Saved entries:

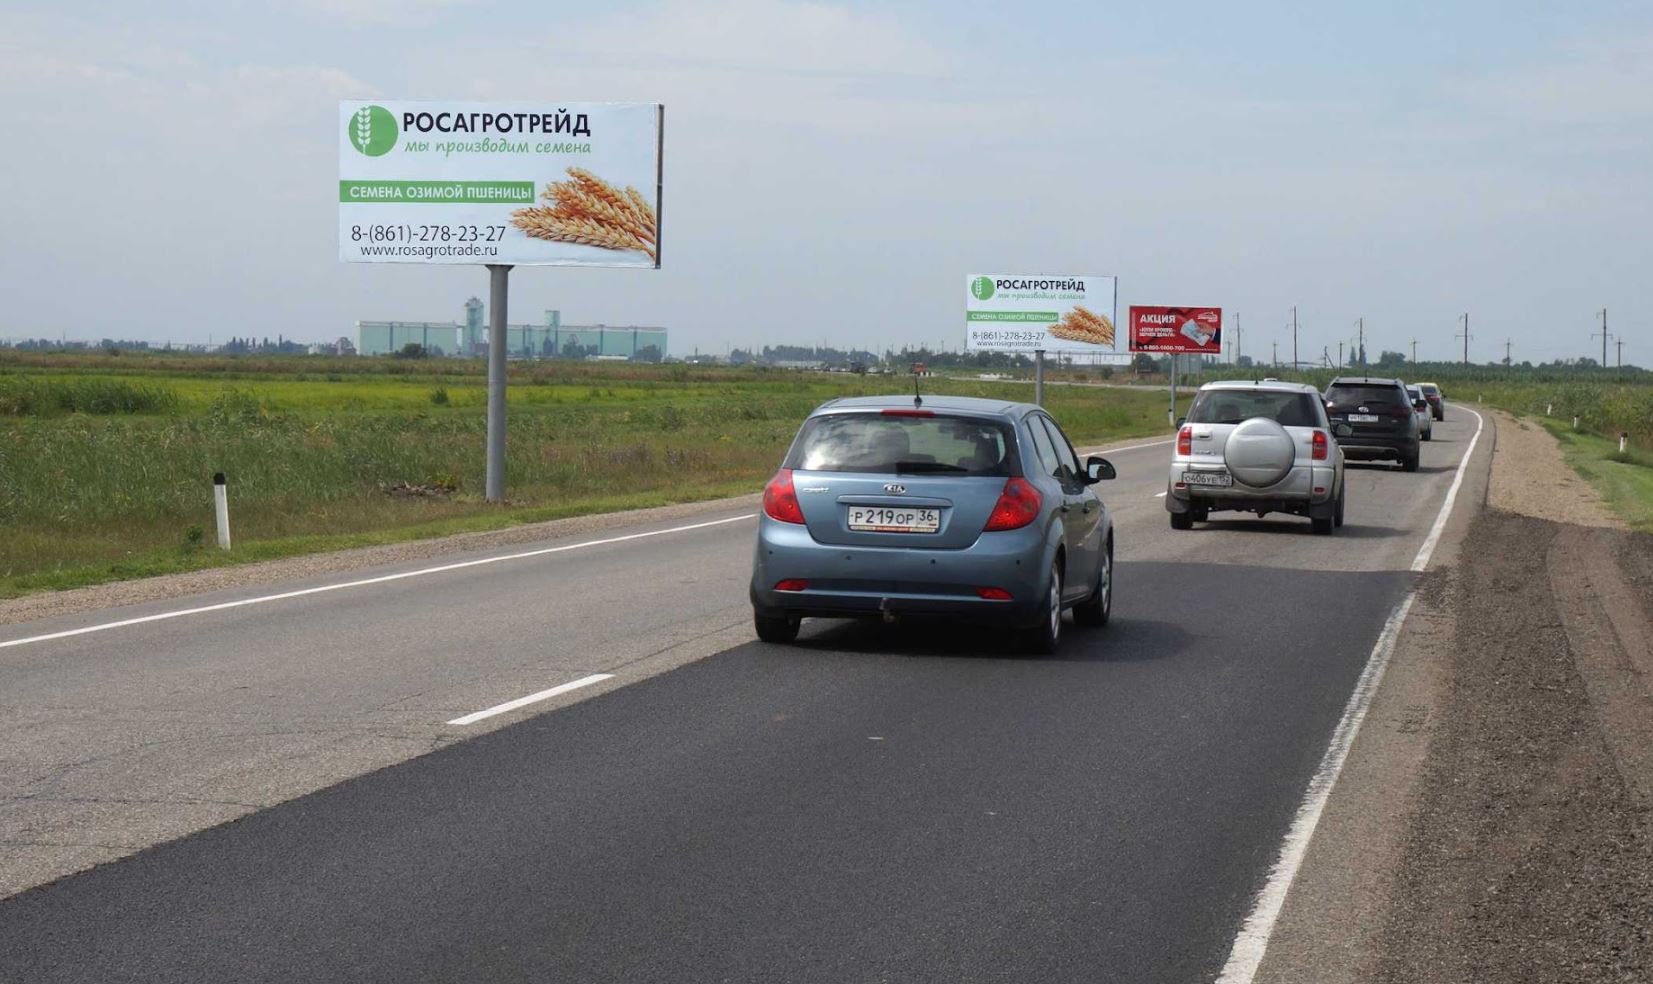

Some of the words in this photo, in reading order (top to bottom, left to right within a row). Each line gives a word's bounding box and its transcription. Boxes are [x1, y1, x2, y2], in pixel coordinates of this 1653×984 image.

[403, 108, 591, 136] РОСАГРОТРЕЙД
[405, 141, 429, 153] мы
[436, 138, 529, 157] производим
[535, 143, 591, 153] семена
[350, 186, 402, 198] СЕМЕНА
[406, 184, 463, 199] ОЗИМОЙ
[467, 187, 532, 201] ПШЕНИЦЫ
[351, 224, 506, 244] 8-(861)-278-23-27
[360, 244, 498, 259] www.rosagrotrade.ru
[996, 278, 1085, 292] РОСАГРОТРЕЙД
[1140, 314, 1176, 324] АКЦИЯ
[972, 331, 1045, 341] 8-(861)-278-23-27
[886, 485, 904, 493] KIA
[919, 510, 934, 522] 36

**Task directions**
The result should be a precise copy of all the entries, free of pictures.

**Solution to the problem**
Some of the words in this photo, in reading order (top to bottom, left to right within a row). Each line gives a word's bounding box and its transcription. Boxes are [x1, y1, x2, y2], in pixel coordinates of this 1653×984 image.

[403, 108, 591, 136] РОСАГРОТРЕЙД
[405, 141, 429, 153] мы
[436, 138, 529, 157] производим
[535, 143, 591, 153] семена
[350, 186, 402, 198] СЕМЕНА
[406, 184, 463, 199] ОЗИМОЙ
[467, 187, 532, 201] ПШЕНИЦЫ
[351, 224, 506, 244] 8-(861)-278-23-27
[360, 244, 498, 259] www.rosagrotrade.ru
[996, 278, 1085, 292] РОСАГРОТРЕЙД
[1140, 314, 1176, 324] АКЦИЯ
[972, 331, 1045, 341] 8-(861)-278-23-27
[886, 485, 904, 493] KIA
[919, 510, 934, 522] 36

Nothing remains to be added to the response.